What this task involves> What is needed here is a verbatim copy of the records that follow.

┌─ Provided information

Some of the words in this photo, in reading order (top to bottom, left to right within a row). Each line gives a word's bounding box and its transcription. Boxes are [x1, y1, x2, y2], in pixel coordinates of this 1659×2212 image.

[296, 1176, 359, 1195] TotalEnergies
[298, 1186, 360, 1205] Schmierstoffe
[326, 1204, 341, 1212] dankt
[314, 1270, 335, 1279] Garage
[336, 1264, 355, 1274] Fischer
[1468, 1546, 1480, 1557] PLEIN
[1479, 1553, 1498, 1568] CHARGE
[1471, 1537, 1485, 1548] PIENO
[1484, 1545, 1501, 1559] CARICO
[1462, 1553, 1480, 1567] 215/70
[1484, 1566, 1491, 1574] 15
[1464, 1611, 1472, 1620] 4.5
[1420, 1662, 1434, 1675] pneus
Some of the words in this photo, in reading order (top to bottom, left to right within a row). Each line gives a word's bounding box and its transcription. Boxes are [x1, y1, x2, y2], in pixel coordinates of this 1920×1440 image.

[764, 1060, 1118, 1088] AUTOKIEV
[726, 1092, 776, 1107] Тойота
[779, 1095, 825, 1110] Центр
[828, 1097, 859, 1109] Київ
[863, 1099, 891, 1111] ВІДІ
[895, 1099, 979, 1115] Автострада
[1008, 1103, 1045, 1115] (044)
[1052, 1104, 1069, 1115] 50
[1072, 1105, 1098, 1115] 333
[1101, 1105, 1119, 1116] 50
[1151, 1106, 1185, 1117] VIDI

└─

Finished exercise>
Some of the words in this photo, in reading order (top to bottom, left to right within a row). Each line gives a word's bounding box and its transcription. Boxes are [x1, y1, x2, y2], in pixel coordinates of this 1659×2212 image.

[296, 1176, 359, 1195] TotalEnergies
[298, 1186, 360, 1205] Schmierstoffe
[326, 1204, 341, 1212] dankt
[314, 1270, 335, 1279] Garage
[336, 1264, 355, 1274] Fischer
[1468, 1546, 1480, 1557] PLEIN
[1479, 1553, 1498, 1568] CHARGE
[1471, 1537, 1485, 1548] PIENO
[1484, 1545, 1501, 1559] CARICO
[1462, 1553, 1480, 1567] 215/70
[1484, 1566, 1491, 1574] 15
[1464, 1611, 1472, 1620] 4.5
[1420, 1662, 1434, 1675] pneus
Some of the words in this photo, in reading order (top to bottom, left to right within a row). Each line gives a word's bounding box and its transcription. Boxes are [x1, y1, x2, y2], in pixel coordinates of this 1920×1440 image.

[764, 1060, 1118, 1088] AUTOKIEV
[726, 1092, 776, 1107] Тойота
[779, 1095, 825, 1110] Центр
[828, 1097, 859, 1109] Київ
[863, 1099, 891, 1111] ВІДІ
[895, 1099, 979, 1115] Автострада
[1008, 1103, 1045, 1115] (044)
[1052, 1104, 1069, 1115] 50
[1072, 1105, 1098, 1115] 333
[1101, 1105, 1119, 1116] 50
[1151, 1106, 1185, 1117] VIDI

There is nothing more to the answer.